On day 6 after hatching the surviving individuals from a clutch were transferred to a small net cage (dimensions: 16·5 × 12 × 13·5 cm) which was placed in the fish’s future home tank. Each hatchling was individually assigned to a glass aquarium (dimensions: 40 × 25 × 25 cm) supplemented with 1·5 L of gravel, a biological filter and a flower pot half as shelter. The light–dark cycle was set to 13 : 11 h and the water temperature was kept constant at 26 ± 1 °C, mimicking the natural conditions at Lake Tanganyika. We created four treatment groups, small-egg/high-food, small-egg/low-food, large-egg/high-food and large-egg/low-food, by the following procedure: Each clutch, belonging to either the large or the small-egg size class, was split equally between a high or low food regime. We stopped collecting clutches when there were 15 individuals present in all four treatment groups. The 60 individuals stemmed from eight clutches (4–11 young per clutch), originating from seven males and seven females. One male was mated with two different females, and one female was mated with two different males. We are aware that including full siblings leads to some degree of genetic interdependence of data, but hand-raising 60 individuals from 60 different clutches with appropriate egg sizes was logistically impossible. To accommodate for this potential problem we used as many different males and females as possible within a reasonable time frame to spawn the experimental clutches and we assigned siblings in equal proportions to the two food treatments. Furthermore, we accounted statistically for potential family effects.

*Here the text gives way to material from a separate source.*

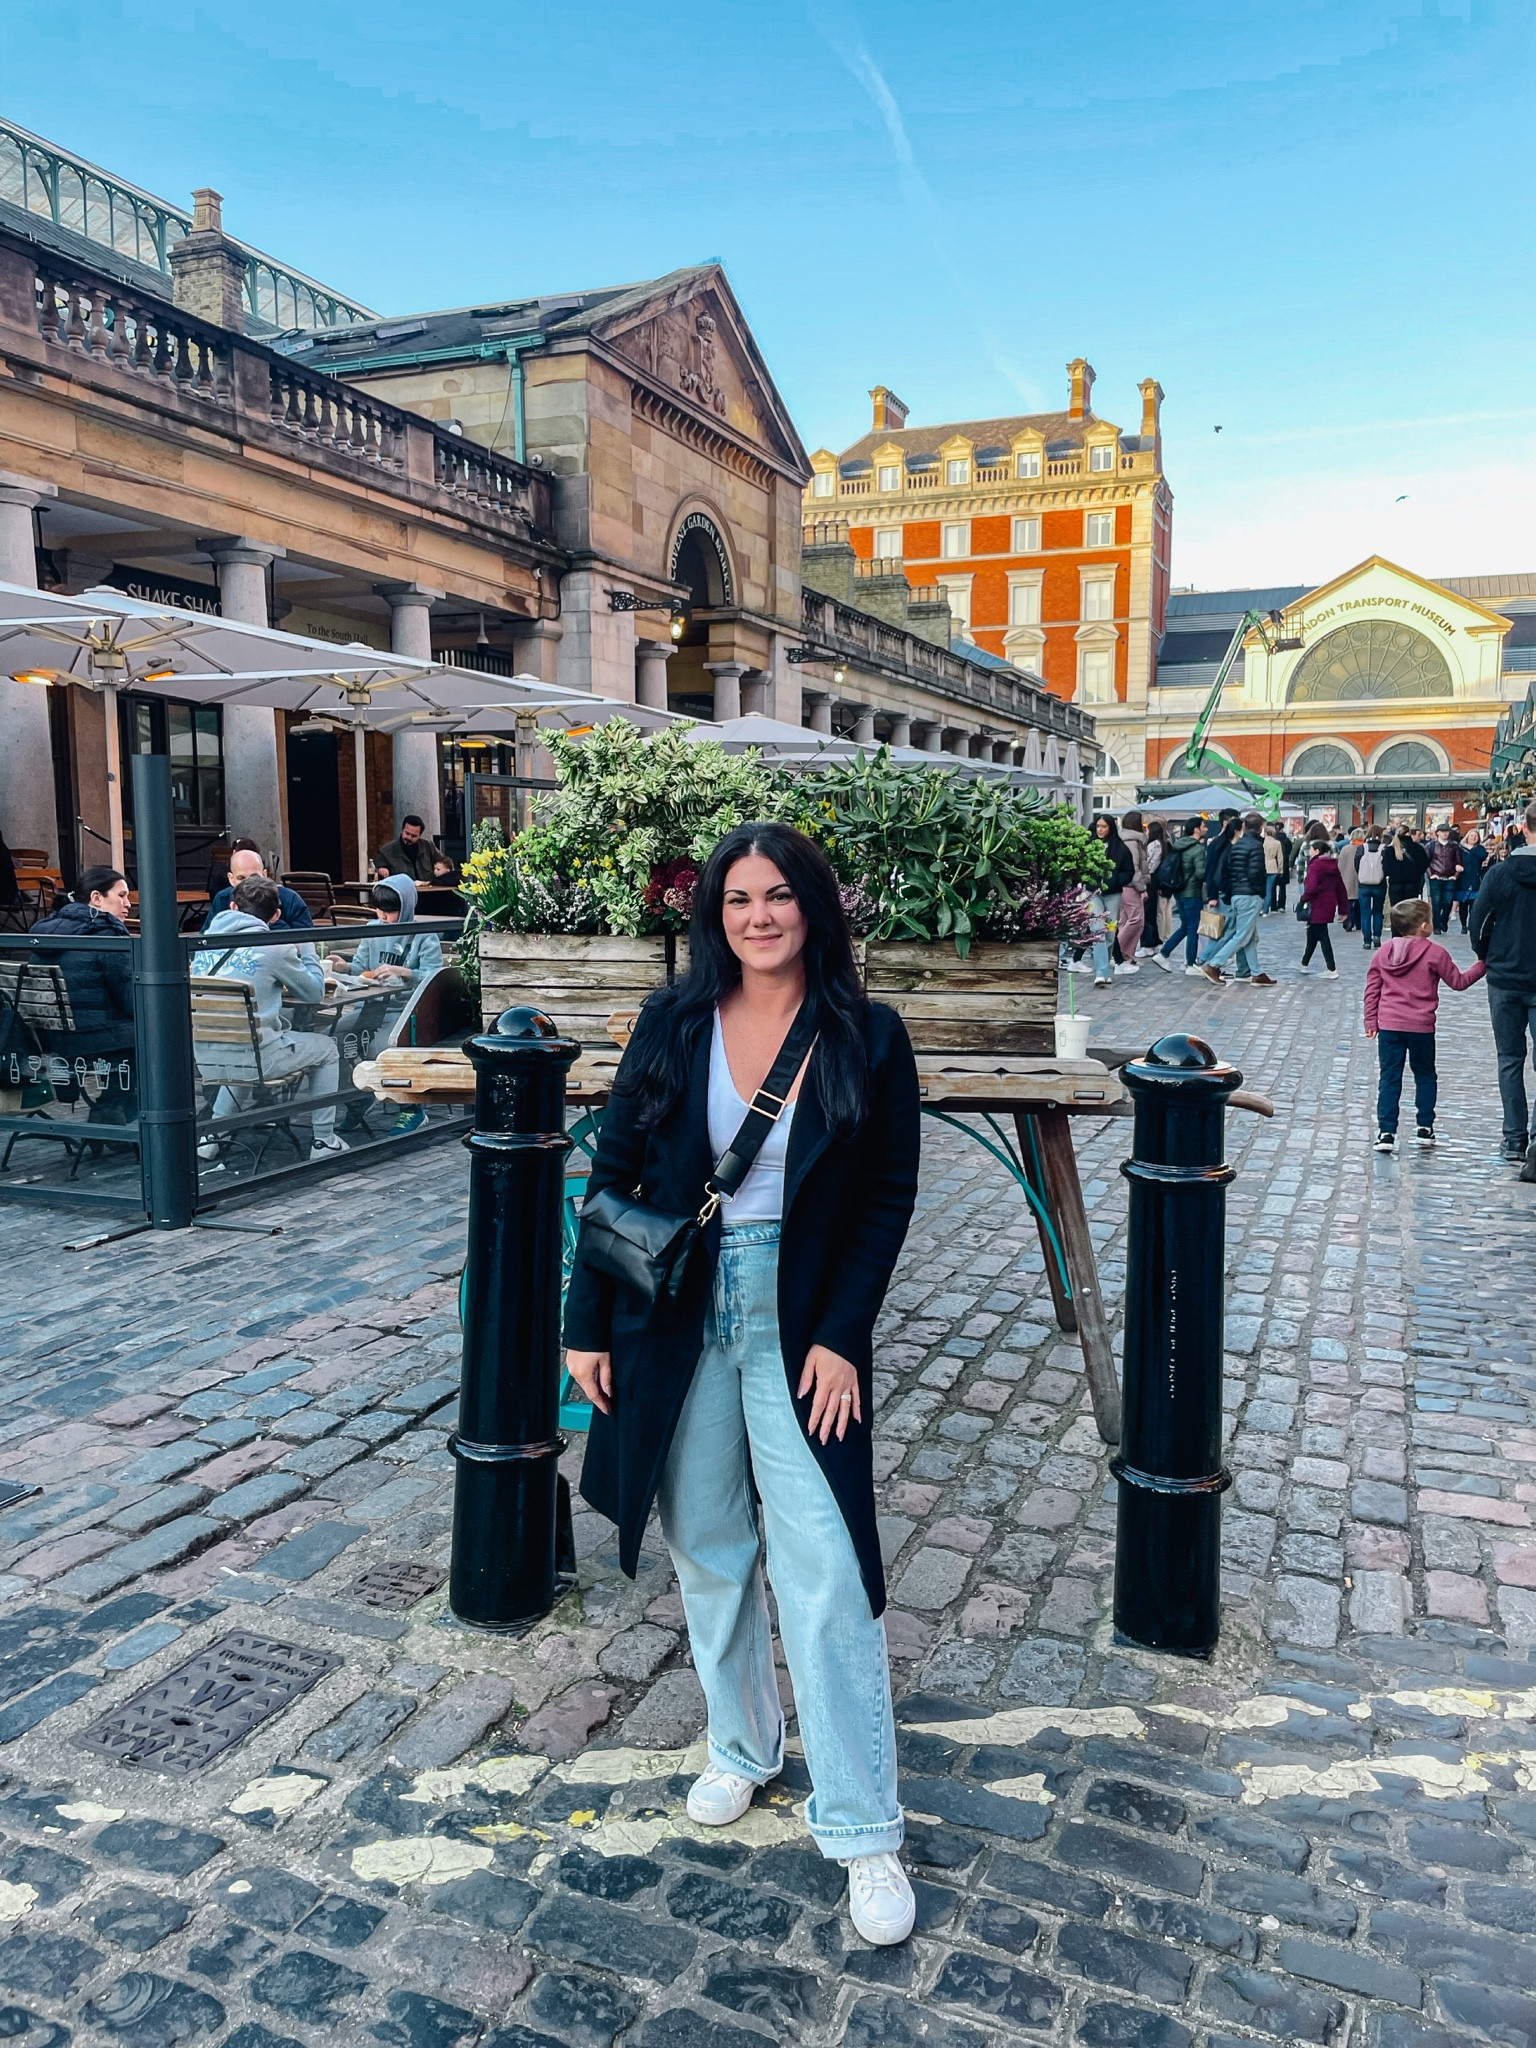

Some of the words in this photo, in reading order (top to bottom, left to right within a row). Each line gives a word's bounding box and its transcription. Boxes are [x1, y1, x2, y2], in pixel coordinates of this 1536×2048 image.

Fourteen days after hatching, that is, at the age the young had absorbed nearly all their yolk, the standard lengths of the fish were measured to the nearest 0·1 mm under a binocular. The young were weighed to the nearest 0·1 mg after the excess water had been removed by placing them briefly on a moistened cotton pad. After measuring, the 60 fish took part in the food experiment conducted between March 2007 and February 2008 involving burst swimming speed trials, growth measurements and behavioural observations (see below). To obtain a data set of the complete range of egg sizes, we continued to collect clutches including those containing medium sized eggs and tested for the effect of egg weight on hatchling size. We used the same methods for measuring egg and juvenile size as described above. In total we measured the egg sizes and standard length of 212 individuals of 25 clutches (4–12 individuals per clutch), spawned by 14 different males and 24 different females. All clutches were collected between March 2007 and October 2008.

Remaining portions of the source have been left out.